E assim fui. Chegamos em Maceió por volta do meio dia e, por isso, perdemos a manhã de palestras e minicursos... Mas, já estávamos cientes disso e das nossas possíveis e consideráveis perdas. Mas, vamos aos ganhos! Primeiro ganho, de cara, era a oportunidade de passar esses dias na companhia da minha amiga querida. Nós aproveitamos, então, para deixar as coisas no hotel e desfrutar do almoço com calma. Depois seguimos para o Centro Cultural e de Convenções Ruth Cardoso. Aqui cabe expor a minha invejinha daquele espaço massa. Não muito grande, do tamanho ideal, acessível, bem localizado e bem dividido. Muito bem dimensionado e confortável para as mais de 2.000 (duas mil) pessoas presentes naqueles dias.

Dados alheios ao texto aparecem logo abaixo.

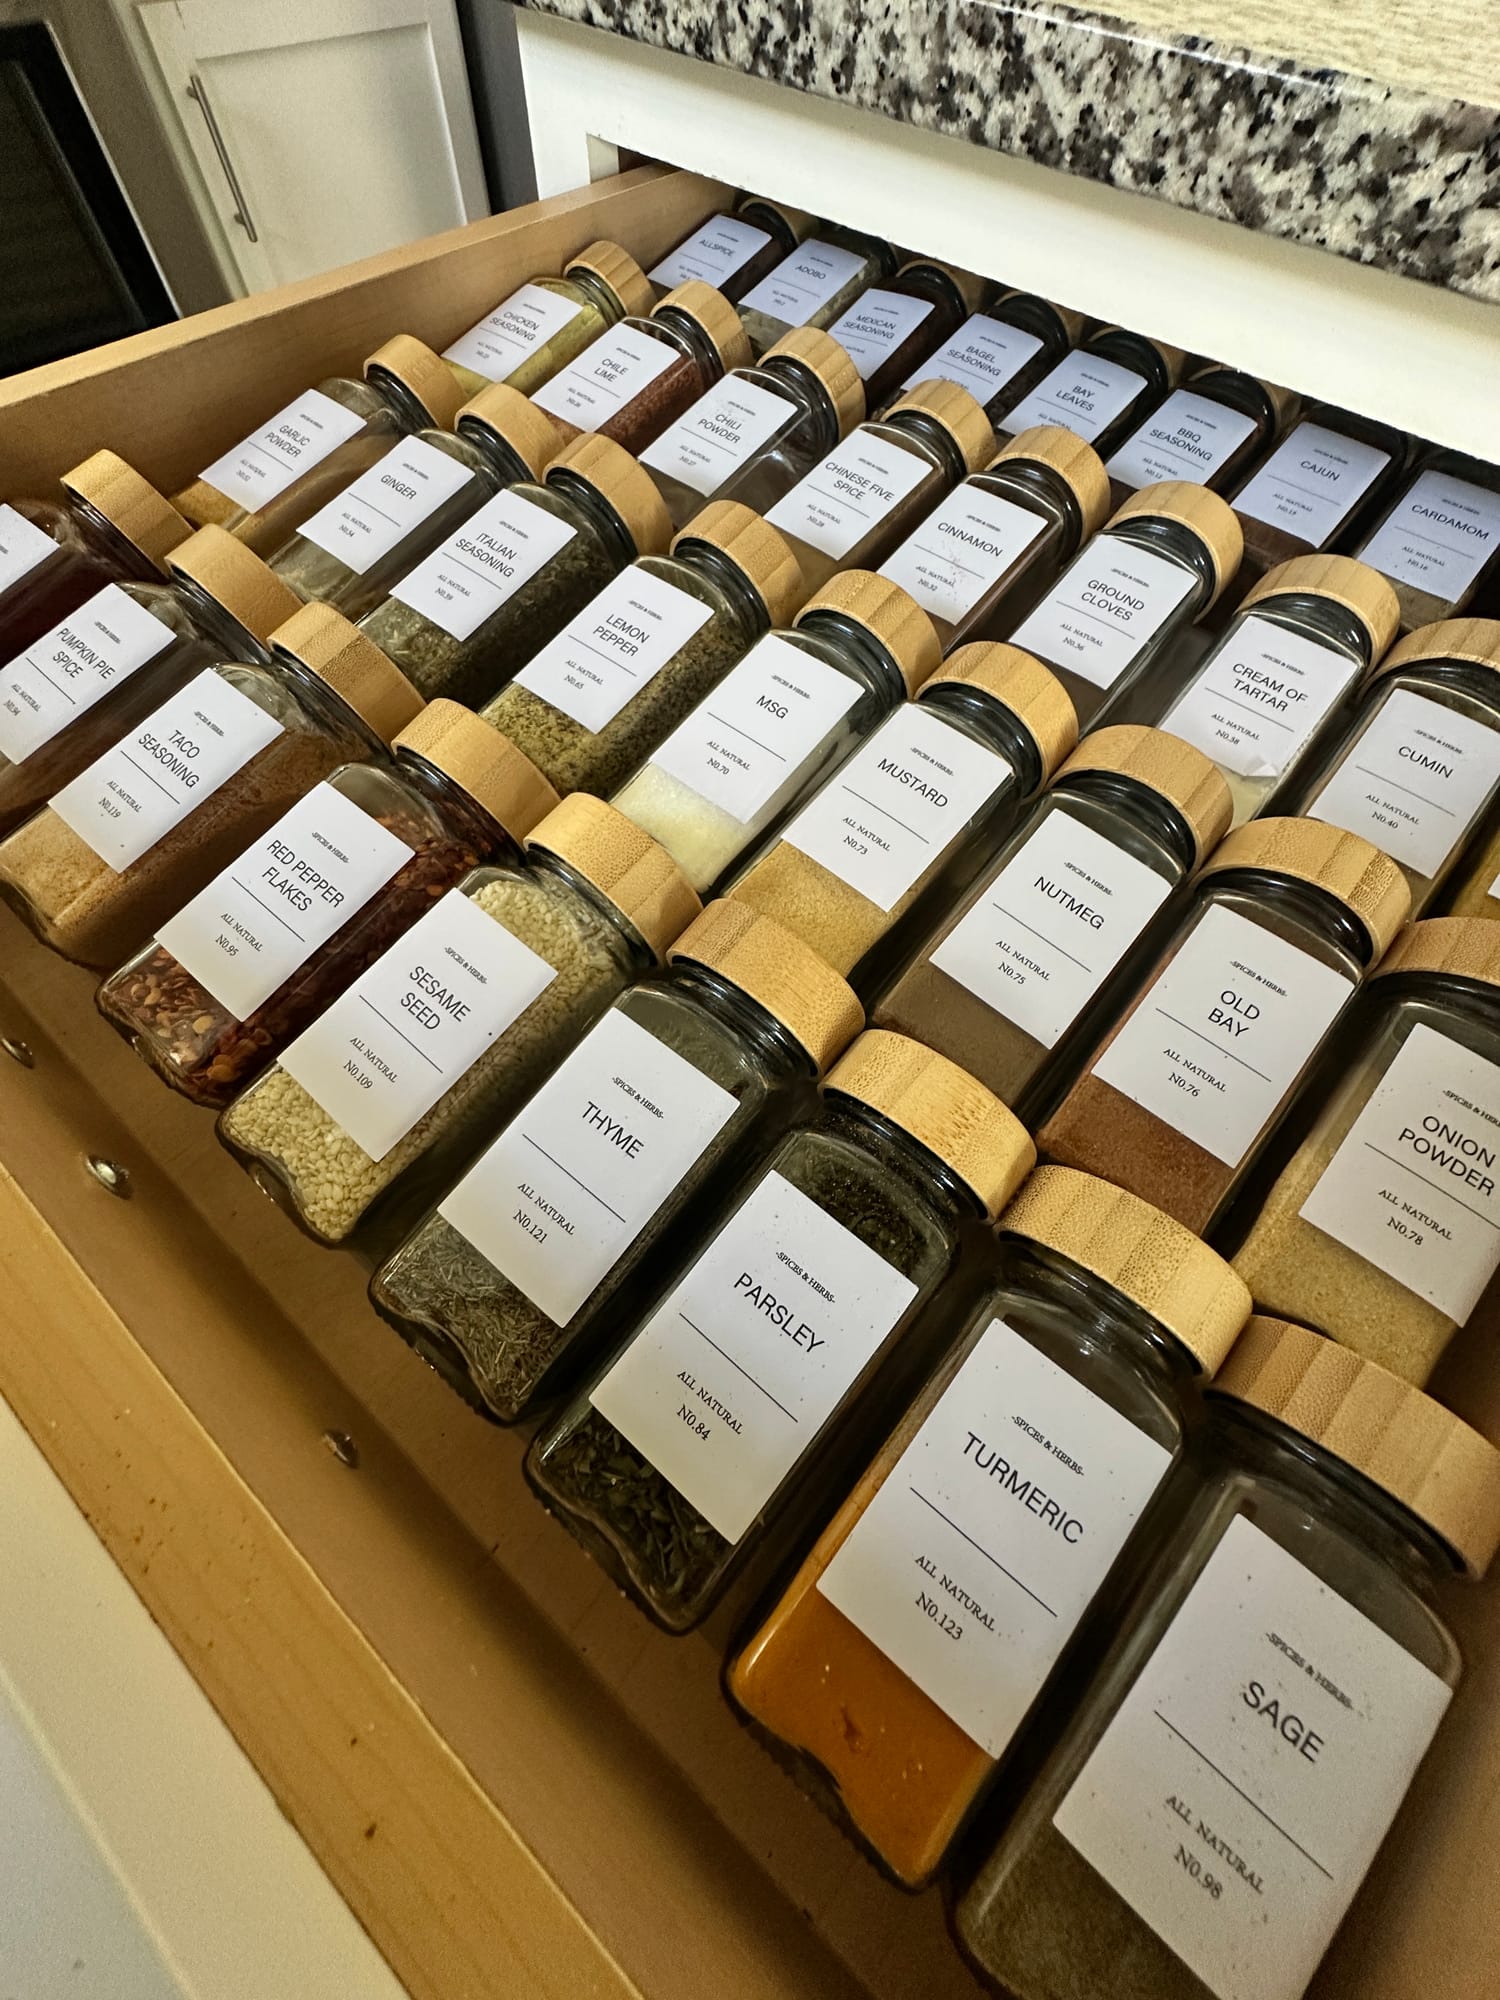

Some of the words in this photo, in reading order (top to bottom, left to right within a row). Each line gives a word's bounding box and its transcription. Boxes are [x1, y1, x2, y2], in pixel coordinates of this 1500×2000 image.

Vou preferir neste texto não falar muito sobre o conteúdo das palestras, minicursos e conferências técnicas (educacionais, terapêuticas e médicas) que acompanhei, mas me comprometo a publicar um pouco das minhas conclusões e reflexões do que assisti e algumas informações passadas por amigos em grupos de Whatsapp (já está quase pronto, pendente apenas de revisão).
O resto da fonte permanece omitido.